Your instructions: Replicate the data exactly, every line included.

╭─ Stored data

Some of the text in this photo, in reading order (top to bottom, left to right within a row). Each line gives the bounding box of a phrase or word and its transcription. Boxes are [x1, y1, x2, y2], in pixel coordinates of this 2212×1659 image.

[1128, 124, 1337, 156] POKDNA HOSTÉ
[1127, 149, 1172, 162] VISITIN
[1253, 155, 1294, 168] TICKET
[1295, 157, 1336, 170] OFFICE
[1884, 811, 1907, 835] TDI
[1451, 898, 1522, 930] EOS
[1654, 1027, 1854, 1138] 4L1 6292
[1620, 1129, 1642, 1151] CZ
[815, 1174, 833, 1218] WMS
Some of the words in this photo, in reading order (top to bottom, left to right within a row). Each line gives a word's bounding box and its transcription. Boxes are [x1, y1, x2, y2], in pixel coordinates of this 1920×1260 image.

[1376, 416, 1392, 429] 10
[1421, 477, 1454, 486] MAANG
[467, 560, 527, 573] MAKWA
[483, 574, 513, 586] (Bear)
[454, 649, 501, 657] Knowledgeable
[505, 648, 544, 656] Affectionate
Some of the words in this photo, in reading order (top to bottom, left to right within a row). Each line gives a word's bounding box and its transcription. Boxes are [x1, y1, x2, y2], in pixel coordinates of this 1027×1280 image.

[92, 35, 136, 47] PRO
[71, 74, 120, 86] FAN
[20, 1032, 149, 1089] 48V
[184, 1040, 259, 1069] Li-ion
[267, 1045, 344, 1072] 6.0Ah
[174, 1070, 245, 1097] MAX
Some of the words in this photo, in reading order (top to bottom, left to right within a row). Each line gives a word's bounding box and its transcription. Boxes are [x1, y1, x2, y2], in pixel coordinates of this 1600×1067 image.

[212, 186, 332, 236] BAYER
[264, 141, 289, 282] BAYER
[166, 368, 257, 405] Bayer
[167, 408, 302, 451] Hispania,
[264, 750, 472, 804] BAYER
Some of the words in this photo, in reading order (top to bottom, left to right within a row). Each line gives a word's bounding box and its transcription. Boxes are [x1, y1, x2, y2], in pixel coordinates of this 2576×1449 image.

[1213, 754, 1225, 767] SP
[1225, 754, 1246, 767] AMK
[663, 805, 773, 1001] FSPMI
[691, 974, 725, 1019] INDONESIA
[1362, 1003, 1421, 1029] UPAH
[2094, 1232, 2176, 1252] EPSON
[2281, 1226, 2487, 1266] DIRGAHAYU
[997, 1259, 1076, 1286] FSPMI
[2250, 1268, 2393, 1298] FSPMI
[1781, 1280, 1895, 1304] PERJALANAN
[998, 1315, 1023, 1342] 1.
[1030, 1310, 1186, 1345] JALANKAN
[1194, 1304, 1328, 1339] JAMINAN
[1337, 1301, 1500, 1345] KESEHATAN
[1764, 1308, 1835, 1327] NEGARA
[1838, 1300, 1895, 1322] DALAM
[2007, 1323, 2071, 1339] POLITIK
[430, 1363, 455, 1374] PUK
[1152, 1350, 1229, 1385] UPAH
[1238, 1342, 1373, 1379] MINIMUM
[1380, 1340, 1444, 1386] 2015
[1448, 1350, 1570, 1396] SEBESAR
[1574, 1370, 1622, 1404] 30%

╰─

The completed task:
Some of the text in this photo, in reading order (top to bottom, left to right within a row). Each line gives the bounding box of a phrase or word and its transcription. Boxes are [x1, y1, x2, y2], in pixel coordinates of this 2212×1659 image.

[1128, 124, 1337, 156] POKDNA HOSTÉ
[1127, 149, 1172, 162] VISITIN
[1253, 155, 1294, 168] TICKET
[1295, 157, 1336, 170] OFFICE
[1884, 811, 1907, 835] TDI
[1451, 898, 1522, 930] EOS
[1654, 1027, 1854, 1138] 4L1 6292
[1620, 1129, 1642, 1151] CZ
[815, 1174, 833, 1218] WMS
Some of the words in this photo, in reading order (top to bottom, left to right within a row). Each line gives a word's bounding box and its transcription. Boxes are [x1, y1, x2, y2], in pixel coordinates of this 1920×1260 image.

[1376, 416, 1392, 429] 10
[1421, 477, 1454, 486] MAANG
[467, 560, 527, 573] MAKWA
[483, 574, 513, 586] (Bear)
[454, 649, 501, 657] Knowledgeable
[505, 648, 544, 656] Affectionate
Some of the words in this photo, in reading order (top to bottom, left to right within a row). Each line gives a word's bounding box and its transcription. Boxes are [x1, y1, x2, y2], in pixel coordinates of this 1027×1280 image.

[92, 35, 136, 47] PRO
[71, 74, 120, 86] FAN
[20, 1032, 149, 1089] 48V
[184, 1040, 259, 1069] Li-ion
[267, 1045, 344, 1072] 6.0Ah
[174, 1070, 245, 1097] MAX
Some of the words in this photo, in reading order (top to bottom, left to right within a row). Each line gives a word's bounding box and its transcription. Boxes are [x1, y1, x2, y2], in pixel coordinates of this 1600×1067 image.

[212, 186, 332, 236] BAYER
[264, 141, 289, 282] BAYER
[166, 368, 257, 405] Bayer
[167, 408, 302, 451] Hispania,
[264, 750, 472, 804] BAYER
Some of the words in this photo, in reading order (top to bottom, left to right within a row). Each line gives a word's bounding box and its transcription. Boxes are [x1, y1, x2, y2], in pixel coordinates of this 2576×1449 image.

[1213, 754, 1225, 767] SP
[1225, 754, 1246, 767] AMK
[663, 805, 773, 1001] FSPMI
[691, 974, 725, 1019] INDONESIA
[1362, 1003, 1421, 1029] UPAH
[2094, 1232, 2176, 1252] EPSON
[2281, 1226, 2487, 1266] DIRGAHAYU
[997, 1259, 1076, 1286] FSPMI
[2250, 1268, 2393, 1298] FSPMI
[1781, 1280, 1895, 1304] PERJALANAN
[998, 1315, 1023, 1342] 1.
[1030, 1310, 1186, 1345] JALANKAN
[1194, 1304, 1328, 1339] JAMINAN
[1337, 1301, 1500, 1345] KESEHATAN
[1764, 1308, 1835, 1327] NEGARA
[1838, 1300, 1895, 1322] DALAM
[2007, 1323, 2071, 1339] POLITIK
[430, 1363, 455, 1374] PUK
[1152, 1350, 1229, 1385] UPAH
[1238, 1342, 1373, 1379] MINIMUM
[1380, 1340, 1444, 1386] 2015
[1448, 1350, 1570, 1396] SEBESAR
[1574, 1370, 1622, 1404] 30%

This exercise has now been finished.